Arterial Wall Motion and its Dynamic Modeling for Arterial Stiffness and Damping

Abstract

The pulsatile pressure in an artery is accompanied by the radial motion of the arterial wall. In this paper, the governing equation of the radial wall motion is first derived, indicating that longitudinal stretching of the arterial wall plays a critical role in the radial wall motion. Based on the derived equation and time-harmonic nature of its radial motion, the arterial wall is modeled as a second-order dynamic system. A microfluidic-based tactile sensor is used to acquire the arterial pulsatile pressure waveform, which is used to represent the radial displacement of the arterial wall.
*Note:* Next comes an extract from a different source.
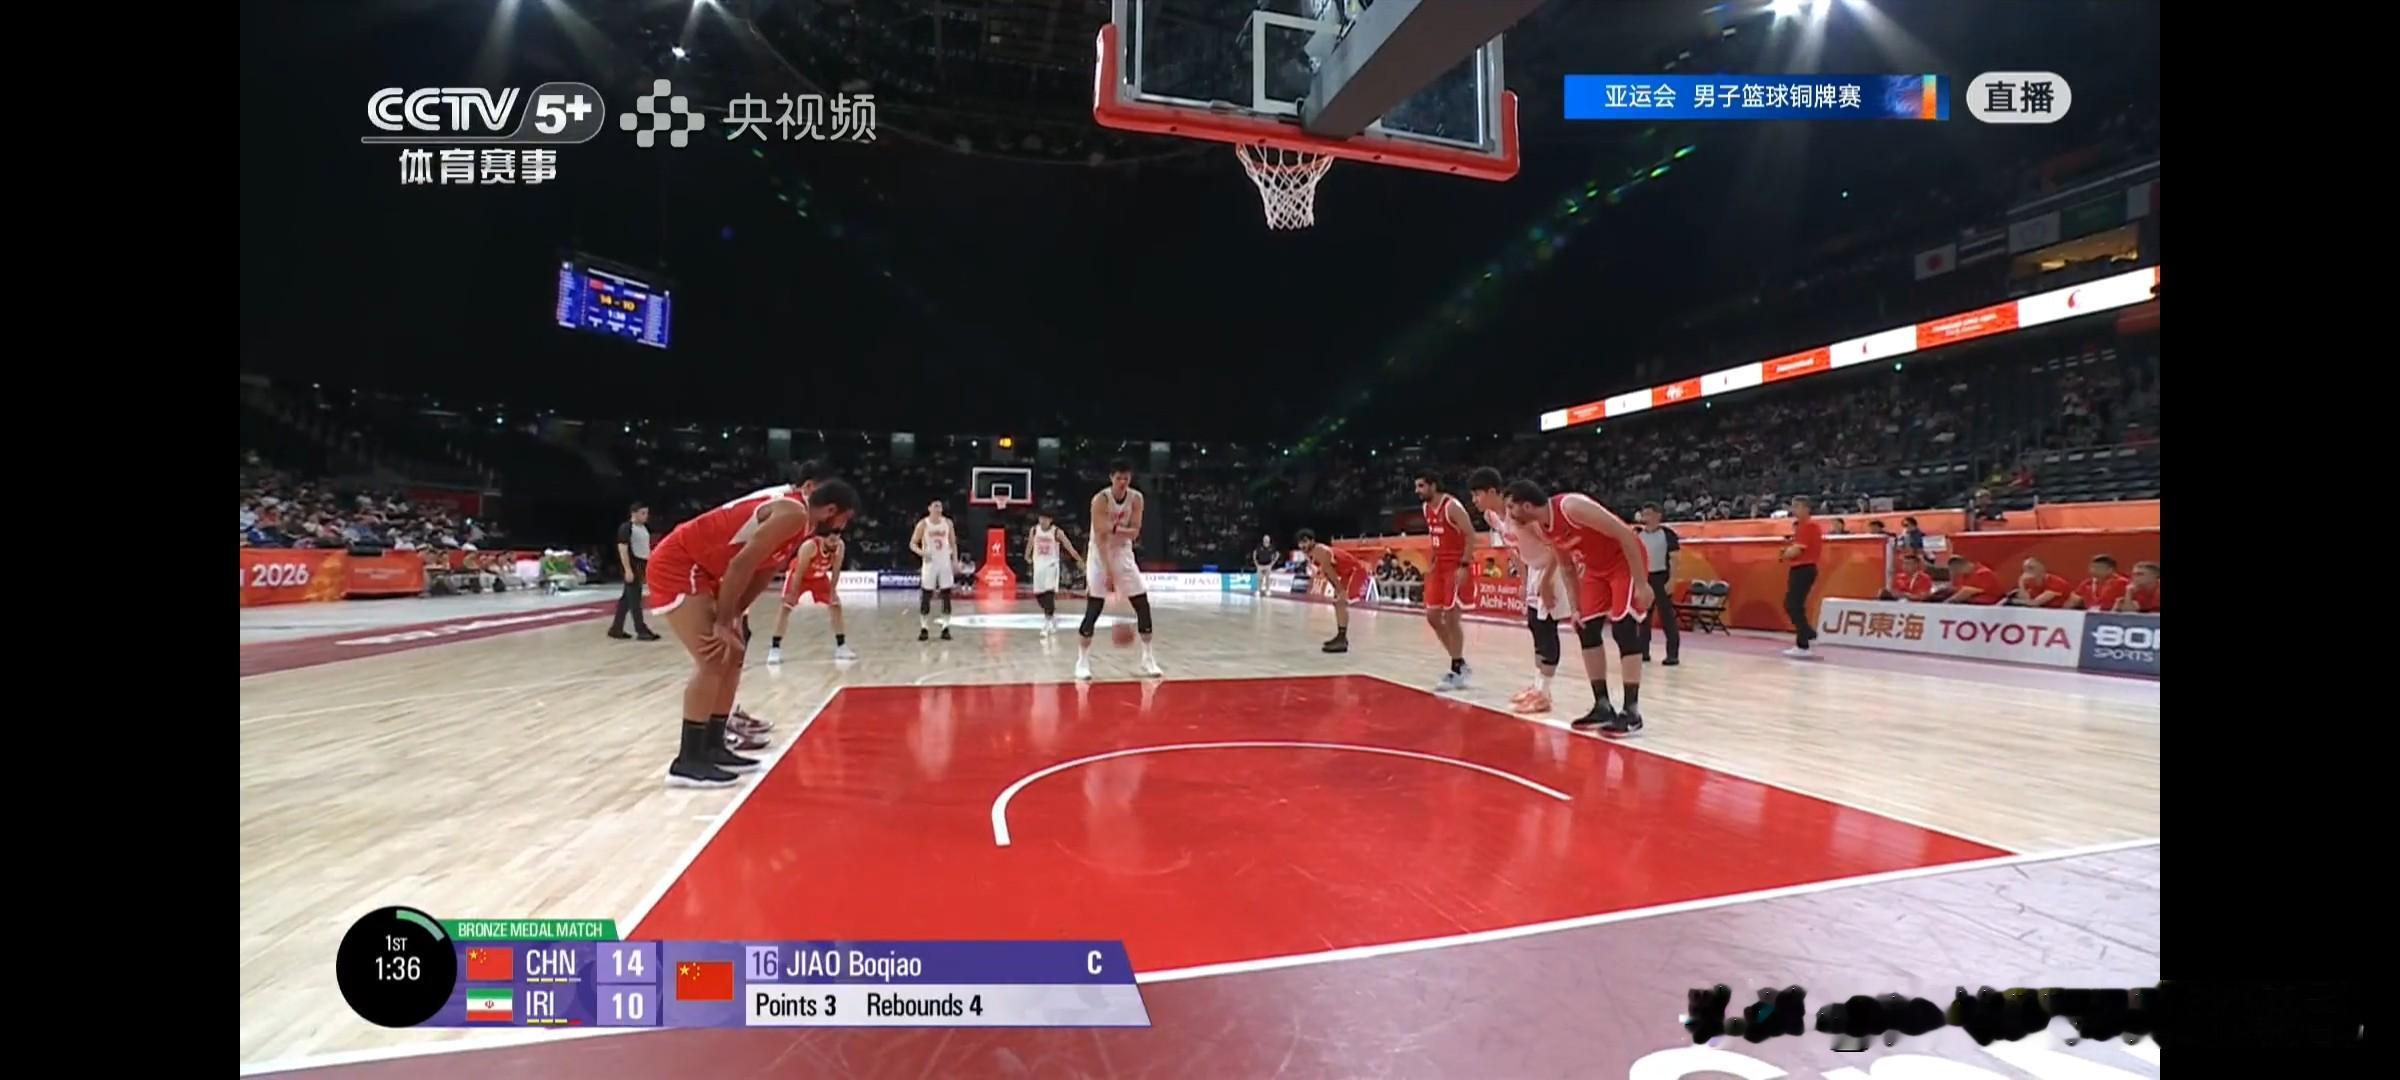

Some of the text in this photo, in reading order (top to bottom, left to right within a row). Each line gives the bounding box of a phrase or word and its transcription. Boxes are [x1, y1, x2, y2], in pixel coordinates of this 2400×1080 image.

[252, 563, 309, 587] 2026
[1822, 609, 1926, 641] JR東海
[1939, 619, 2072, 650] TOYOTA
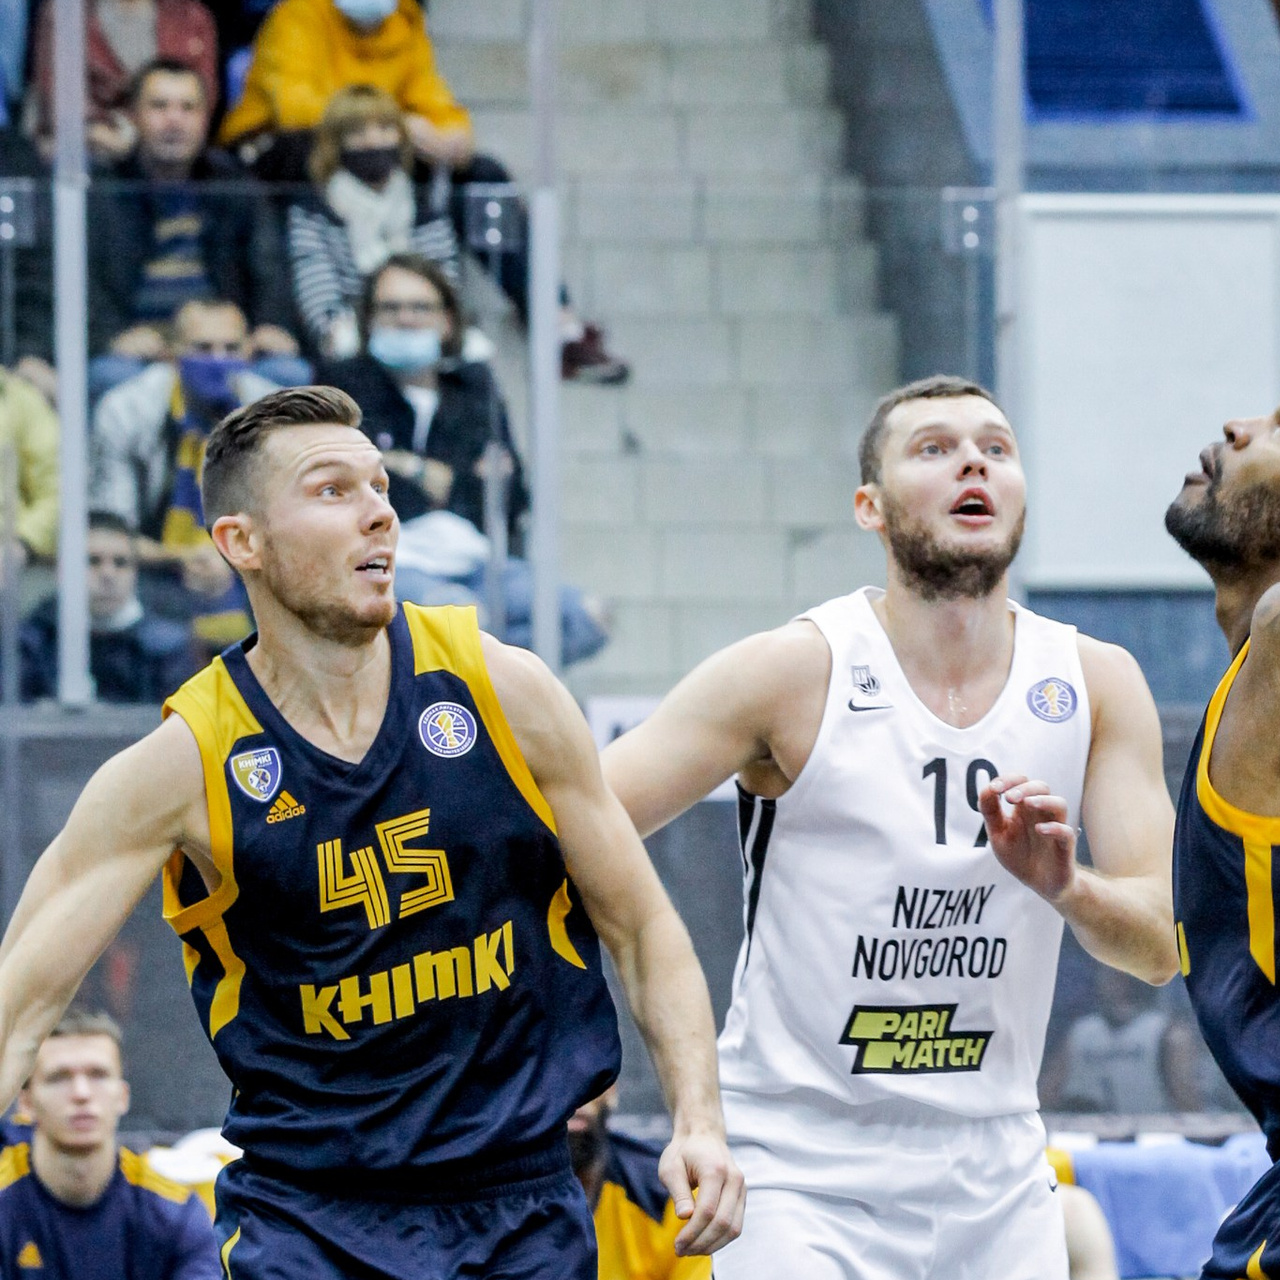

Consequently, the 1st-order and 2nd-order derivatives of the radial displacement are the wall velocity and wall acceleration. In the context of time-harmonic vibration, the key features in the radial displacement and its two derivatives are interpreted to obtain the elasticity and viscosity of the arterial wall: spring stiffness and damping coefficient in the circumferential direction. Pulse signals at radial artery (RA) and superficial temporal artery (STA) on seven healthy human subjects are measured and processed to estimate the two physical properties of the arterial wall. The measured difference in the physical properties between the two arteries and among the seven subjects validates the feasibility of the proposed dynamic modeling of the radial wall motion to capture the physical properties of the arterial wall, and at the same time demonstrates the necessity of subject-specific and artery-site-specific measurements.